Saved entries:
**********
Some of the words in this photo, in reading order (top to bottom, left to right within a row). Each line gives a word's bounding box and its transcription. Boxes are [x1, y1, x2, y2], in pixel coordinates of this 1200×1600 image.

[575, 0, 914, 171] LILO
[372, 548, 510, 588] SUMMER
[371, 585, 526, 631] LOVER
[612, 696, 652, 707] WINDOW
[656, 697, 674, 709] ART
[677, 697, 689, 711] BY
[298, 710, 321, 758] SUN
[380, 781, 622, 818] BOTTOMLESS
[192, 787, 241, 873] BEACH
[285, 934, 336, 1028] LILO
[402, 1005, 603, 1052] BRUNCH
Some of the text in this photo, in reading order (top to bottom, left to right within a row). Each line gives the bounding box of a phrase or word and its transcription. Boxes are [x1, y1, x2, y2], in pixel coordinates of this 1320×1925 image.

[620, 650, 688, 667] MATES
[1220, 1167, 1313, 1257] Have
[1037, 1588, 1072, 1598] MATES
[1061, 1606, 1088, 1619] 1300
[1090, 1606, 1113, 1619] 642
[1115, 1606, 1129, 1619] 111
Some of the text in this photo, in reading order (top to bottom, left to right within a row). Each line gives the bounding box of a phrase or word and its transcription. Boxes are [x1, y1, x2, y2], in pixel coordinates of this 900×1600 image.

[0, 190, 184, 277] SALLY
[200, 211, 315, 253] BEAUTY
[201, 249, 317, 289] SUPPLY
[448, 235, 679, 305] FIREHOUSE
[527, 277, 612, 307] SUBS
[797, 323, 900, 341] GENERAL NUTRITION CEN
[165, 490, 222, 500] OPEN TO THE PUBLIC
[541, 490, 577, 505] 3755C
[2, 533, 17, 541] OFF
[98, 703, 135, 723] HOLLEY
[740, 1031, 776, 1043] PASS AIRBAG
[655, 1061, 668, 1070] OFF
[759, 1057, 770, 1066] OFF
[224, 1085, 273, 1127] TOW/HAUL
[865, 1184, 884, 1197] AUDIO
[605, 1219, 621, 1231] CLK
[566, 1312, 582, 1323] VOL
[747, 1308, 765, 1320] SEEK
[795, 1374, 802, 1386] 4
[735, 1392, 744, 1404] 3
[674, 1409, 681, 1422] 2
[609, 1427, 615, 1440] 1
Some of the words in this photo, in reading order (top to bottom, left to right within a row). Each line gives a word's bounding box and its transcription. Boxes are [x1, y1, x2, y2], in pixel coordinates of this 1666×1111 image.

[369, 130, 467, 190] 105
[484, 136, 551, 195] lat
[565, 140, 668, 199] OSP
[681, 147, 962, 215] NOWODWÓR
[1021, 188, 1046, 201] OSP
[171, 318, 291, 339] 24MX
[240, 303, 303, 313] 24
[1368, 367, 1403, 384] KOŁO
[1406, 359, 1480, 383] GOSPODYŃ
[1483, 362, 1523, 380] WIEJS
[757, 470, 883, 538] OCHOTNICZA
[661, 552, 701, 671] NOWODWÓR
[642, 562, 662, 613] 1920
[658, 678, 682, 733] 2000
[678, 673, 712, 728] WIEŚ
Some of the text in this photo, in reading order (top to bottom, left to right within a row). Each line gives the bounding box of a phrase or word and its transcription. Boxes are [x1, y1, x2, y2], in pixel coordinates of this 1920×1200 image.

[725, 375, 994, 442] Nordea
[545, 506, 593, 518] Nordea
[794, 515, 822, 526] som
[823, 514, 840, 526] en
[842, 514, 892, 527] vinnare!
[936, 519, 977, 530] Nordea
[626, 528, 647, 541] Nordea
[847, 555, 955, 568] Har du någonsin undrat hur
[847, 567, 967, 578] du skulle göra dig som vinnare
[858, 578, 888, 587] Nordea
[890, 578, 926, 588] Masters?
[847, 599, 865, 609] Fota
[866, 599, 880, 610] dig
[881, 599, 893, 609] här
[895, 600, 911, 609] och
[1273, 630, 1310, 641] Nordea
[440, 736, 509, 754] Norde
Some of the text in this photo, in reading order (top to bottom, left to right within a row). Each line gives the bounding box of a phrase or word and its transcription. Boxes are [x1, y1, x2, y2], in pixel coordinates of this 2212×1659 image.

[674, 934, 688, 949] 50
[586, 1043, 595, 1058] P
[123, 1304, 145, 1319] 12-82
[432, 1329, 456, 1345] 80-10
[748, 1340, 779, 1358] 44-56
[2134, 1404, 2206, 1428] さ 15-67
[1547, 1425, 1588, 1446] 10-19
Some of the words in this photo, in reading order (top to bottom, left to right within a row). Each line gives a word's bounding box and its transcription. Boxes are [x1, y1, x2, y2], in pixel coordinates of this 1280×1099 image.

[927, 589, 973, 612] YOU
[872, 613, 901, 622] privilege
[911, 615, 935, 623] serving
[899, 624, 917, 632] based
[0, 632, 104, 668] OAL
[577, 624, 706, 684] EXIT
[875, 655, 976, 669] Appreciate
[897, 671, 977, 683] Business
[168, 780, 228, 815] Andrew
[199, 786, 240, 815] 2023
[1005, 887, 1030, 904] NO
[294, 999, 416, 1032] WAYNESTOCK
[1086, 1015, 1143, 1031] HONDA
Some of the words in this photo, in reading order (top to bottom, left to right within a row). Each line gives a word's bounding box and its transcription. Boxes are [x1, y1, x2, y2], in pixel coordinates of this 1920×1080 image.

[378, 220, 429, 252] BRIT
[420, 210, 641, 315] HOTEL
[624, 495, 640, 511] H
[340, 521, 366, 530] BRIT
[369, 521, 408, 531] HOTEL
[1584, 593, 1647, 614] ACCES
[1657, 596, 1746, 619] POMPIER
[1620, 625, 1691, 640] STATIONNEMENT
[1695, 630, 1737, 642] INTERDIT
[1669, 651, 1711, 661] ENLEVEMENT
**********
Instructions for the task:
You are asked to transcribe the complete data exactly.

Solution to the problem:
Some of the words in this photo, in reading order (top to bottom, left to right within a row). Each line gives a word's bounding box and its transcription. Boxes are [x1, y1, x2, y2], in pixel coordinates of this 1200×1600 image.

[575, 0, 914, 171] LILO
[372, 548, 510, 588] SUMMER
[371, 585, 526, 631] LOVER
[612, 696, 652, 707] WINDOW
[656, 697, 674, 709] ART
[677, 697, 689, 711] BY
[298, 710, 321, 758] SUN
[380, 781, 622, 818] BOTTOMLESS
[192, 787, 241, 873] BEACH
[285, 934, 336, 1028] LILO
[402, 1005, 603, 1052] BRUNCH
Some of the text in this photo, in reading order (top to bottom, left to right within a row). Each line gives the bounding box of a phrase or word and its transcription. Boxes are [x1, y1, x2, y2], in pixel coordinates of this 1320×1925 image.

[620, 650, 688, 667] MATES
[1220, 1167, 1313, 1257] Have
[1037, 1588, 1072, 1598] MATES
[1061, 1606, 1088, 1619] 1300
[1090, 1606, 1113, 1619] 642
[1115, 1606, 1129, 1619] 111
Some of the text in this photo, in reading order (top to bottom, left to right within a row). Each line gives the bounding box of a phrase or word and its transcription. Boxes are [x1, y1, x2, y2], in pixel coordinates of this 900×1600 image.

[0, 190, 184, 277] SALLY
[200, 211, 315, 253] BEAUTY
[201, 249, 317, 289] SUPPLY
[448, 235, 679, 305] FIREHOUSE
[527, 277, 612, 307] SUBS
[797, 323, 900, 341] GENERAL NUTRITION CEN
[165, 490, 222, 500] OPEN TO THE PUBLIC
[541, 490, 577, 505] 3755C
[2, 533, 17, 541] OFF
[98, 703, 135, 723] HOLLEY
[740, 1031, 776, 1043] PASS AIRBAG
[655, 1061, 668, 1070] OFF
[759, 1057, 770, 1066] OFF
[224, 1085, 273, 1127] TOW/HAUL
[865, 1184, 884, 1197] AUDIO
[605, 1219, 621, 1231] CLK
[566, 1312, 582, 1323] VOL
[747, 1308, 765, 1320] SEEK
[795, 1374, 802, 1386] 4
[735, 1392, 744, 1404] 3
[674, 1409, 681, 1422] 2
[609, 1427, 615, 1440] 1
Some of the words in this photo, in reading order (top to bottom, left to right within a row). Each line gives a word's bounding box and its transcription. Boxes are [x1, y1, x2, y2], in pixel coordinates of this 1666×1111 image.

[369, 130, 467, 190] 105
[484, 136, 551, 195] lat
[565, 140, 668, 199] OSP
[681, 147, 962, 215] NOWODWÓR
[1021, 188, 1046, 201] OSP
[171, 318, 291, 339] 24MX
[240, 303, 303, 313] 24
[1368, 367, 1403, 384] KOŁO
[1406, 359, 1480, 383] GOSPODYŃ
[1483, 362, 1523, 380] WIEJS
[757, 470, 883, 538] OCHOTNICZA
[661, 552, 701, 671] NOWODWÓR
[642, 562, 662, 613] 1920
[658, 678, 682, 733] 2000
[678, 673, 712, 728] WIEŚ
Some of the text in this photo, in reading order (top to bottom, left to right within a row). Each line gives the bounding box of a phrase or word and its transcription. Boxes are [x1, y1, x2, y2], in pixel coordinates of this 1920×1200 image.

[725, 375, 994, 442] Nordea
[545, 506, 593, 518] Nordea
[794, 515, 822, 526] som
[823, 514, 840, 526] en
[842, 514, 892, 527] vinnare!
[936, 519, 977, 530] Nordea
[626, 528, 647, 541] Nordea
[847, 555, 955, 568] Har du någonsin undrat hur
[847, 567, 967, 578] du skulle göra dig som vinnare
[858, 578, 888, 587] Nordea
[890, 578, 926, 588] Masters?
[847, 599, 865, 609] Fota
[866, 599, 880, 610] dig
[881, 599, 893, 609] här
[895, 600, 911, 609] och
[1273, 630, 1310, 641] Nordea
[440, 736, 509, 754] Norde
Some of the text in this photo, in reading order (top to bottom, left to right within a row). Each line gives the bounding box of a phrase or word and its transcription. Boxes are [x1, y1, x2, y2], in pixel coordinates of this 2212×1659 image.

[674, 934, 688, 949] 50
[586, 1043, 595, 1058] P
[123, 1304, 145, 1319] 12-82
[432, 1329, 456, 1345] 80-10
[748, 1340, 779, 1358] 44-56
[2134, 1404, 2206, 1428] さ 15-67
[1547, 1425, 1588, 1446] 10-19
Some of the words in this photo, in reading order (top to bottom, left to right within a row). Each line gives a word's bounding box and its transcription. Boxes are [x1, y1, x2, y2], in pixel coordinates of this 1280×1099 image.

[927, 589, 973, 612] YOU
[872, 613, 901, 622] privilege
[911, 615, 935, 623] serving
[899, 624, 917, 632] based
[0, 632, 104, 668] OAL
[577, 624, 706, 684] EXIT
[875, 655, 976, 669] Appreciate
[897, 671, 977, 683] Business
[168, 780, 228, 815] Andrew
[199, 786, 240, 815] 2023
[1005, 887, 1030, 904] NO
[294, 999, 416, 1032] WAYNESTOCK
[1086, 1015, 1143, 1031] HONDA
Some of the words in this photo, in reading order (top to bottom, left to right within a row). Each line gives a word's bounding box and its transcription. Boxes are [x1, y1, x2, y2], in pixel coordinates of this 1920×1080 image.

[378, 220, 429, 252] BRIT
[420, 210, 641, 315] HOTEL
[624, 495, 640, 511] H
[340, 521, 366, 530] BRIT
[369, 521, 408, 531] HOTEL
[1584, 593, 1647, 614] ACCES
[1657, 596, 1746, 619] POMPIER
[1620, 625, 1691, 640] STATIONNEMENT
[1695, 630, 1737, 642] INTERDIT
[1669, 651, 1711, 661] ENLEVEMENT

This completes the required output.